Often, employers make mistakes when conducting a disciplinary hearing – usually a procedural error of some sort. We are only human, after all – and taking into account the pressure and stress of a disciplinary hearing, usually accompanied by the fear of "what if he takes us to the CCMA?" mistakes are bound to occur. But all is not lost – a procedural error does not necessarily mean that you are in trouble,


In Group Five Civils Ltd [1993] IC Pretoria,
the employer refused to allow the employee's attorney to represent him at the disciplinary hearing. The court held that the applicant was entitled to representation by a legal practitioner of his choice and was therefore unlawfully and unfairly denied it.

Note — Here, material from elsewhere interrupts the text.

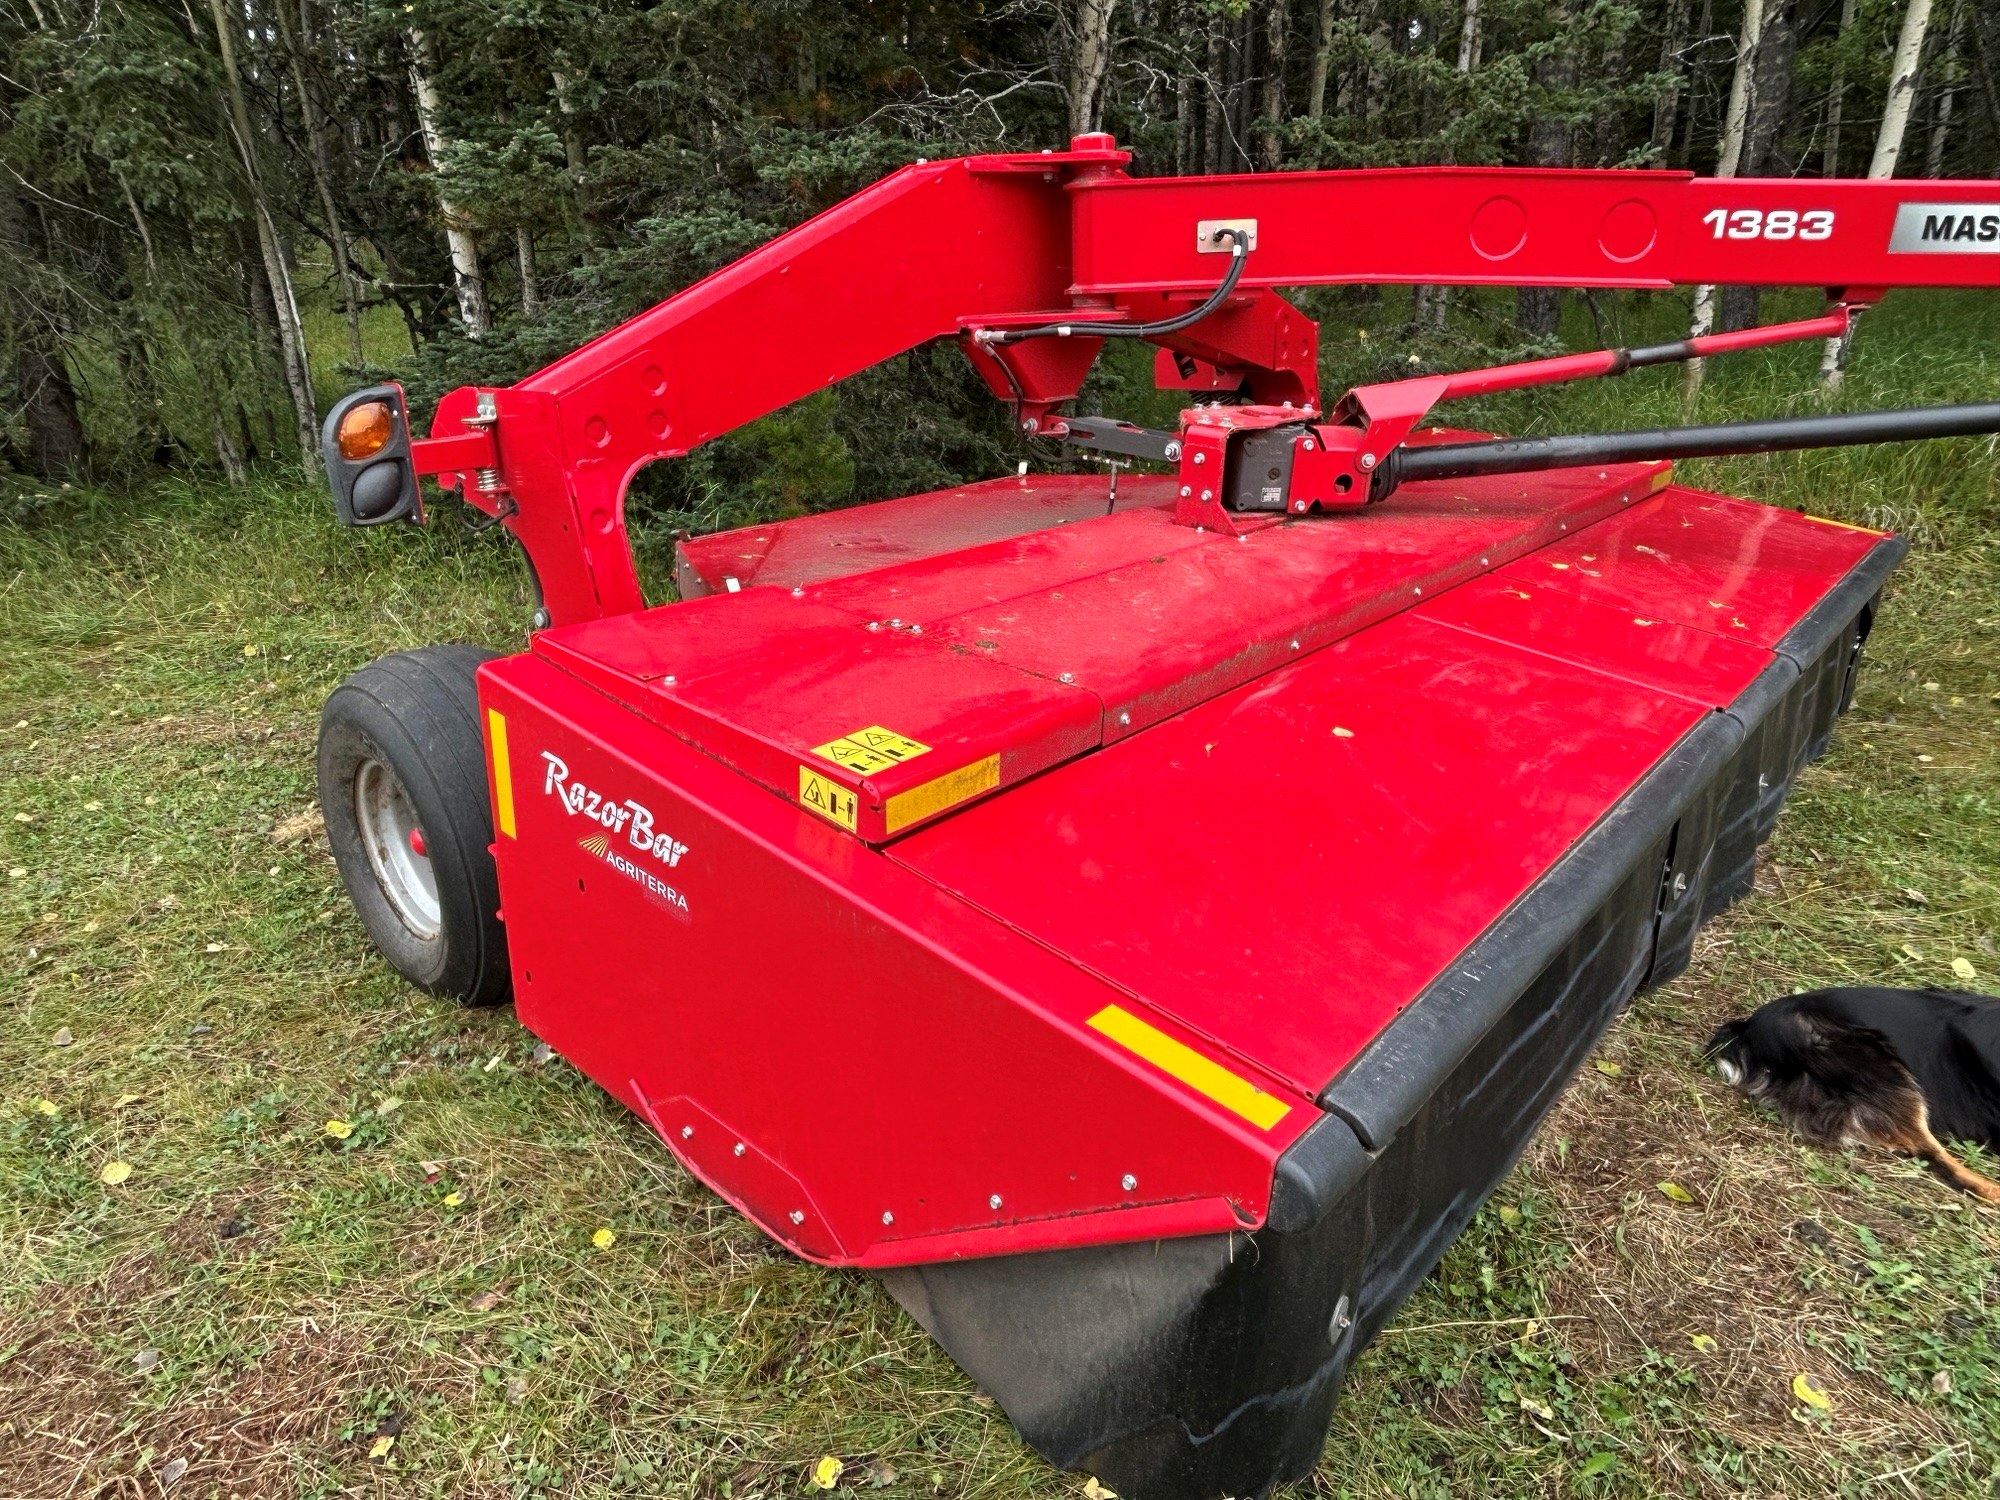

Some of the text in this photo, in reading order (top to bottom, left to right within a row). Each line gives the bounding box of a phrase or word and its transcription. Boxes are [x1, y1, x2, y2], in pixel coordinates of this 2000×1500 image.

[1703, 209, 1835, 240] 1383
[1921, 214, 2000, 241] MAS
[606, 850, 689, 912] AGRITERRA

However, the court found that despite this procedural defect, it had been established that the employee did partake in a scheme to defraud his employer.


The fact that he had been denied representation by his attorney would not have brought about a different outcome to the disciplinary hearing, and therefore, despite the procedural defect, the dismissal was found to be substantively fair and there were no grounds for the court to interfere in the dismissal of the applicant.


In SACWU & others v Harry Duncan Rods (Pty) Ltd [1990] IC Pretoria, the applicants had been dissatisfied with their wages and then decided to take industrial action in the form of a go slow.  A meeting had been held between the parties, but an acceptable compromise had not been reached.  Applicants had been dismissed a day after the meeting.


The applicants approached the court alleging that their dismissals had been unfair because the respondent had dismissed the individual applicants without giving them a final ultimatum and had failed to conduct proper disciplinary enquiries into the alleged misconduct of the individual applicants. With regard to the respondent's failure to conduct disciplinary hearings, the court held that the go slow amounted to a strike in terms of the LRA. Further the go slow was illegal as none of the procedures required by section 65 of the LRA had been followed.


The individual applicants had been fully aware of what a go slow entailed and knew that it was illegal.  The court concluded that in the circumstances, it would serve no purpose for the respondent to have held disciplinary hearings and that the individual applicants had waived their right to a disciplinary hearing as a result of the illegal strike action.


The court concluded that the dismissal of the individual applicants had been substantively fair and the go slow action embarked upon by the applicants amounted to an illegal strike and it could not be argued that the go slow was the only avenue open to the applicants to bring their demands to the notice of the respondent.


With regard to the procedural fairness, the court again pointed out that the individual applicants had waived their right to a disciplinary hearing. However, that alone did not satisfy the requirements of procedural fairness - the effect of the respondent's failure to issue an ultimatum to the individual applicants also had to be considered.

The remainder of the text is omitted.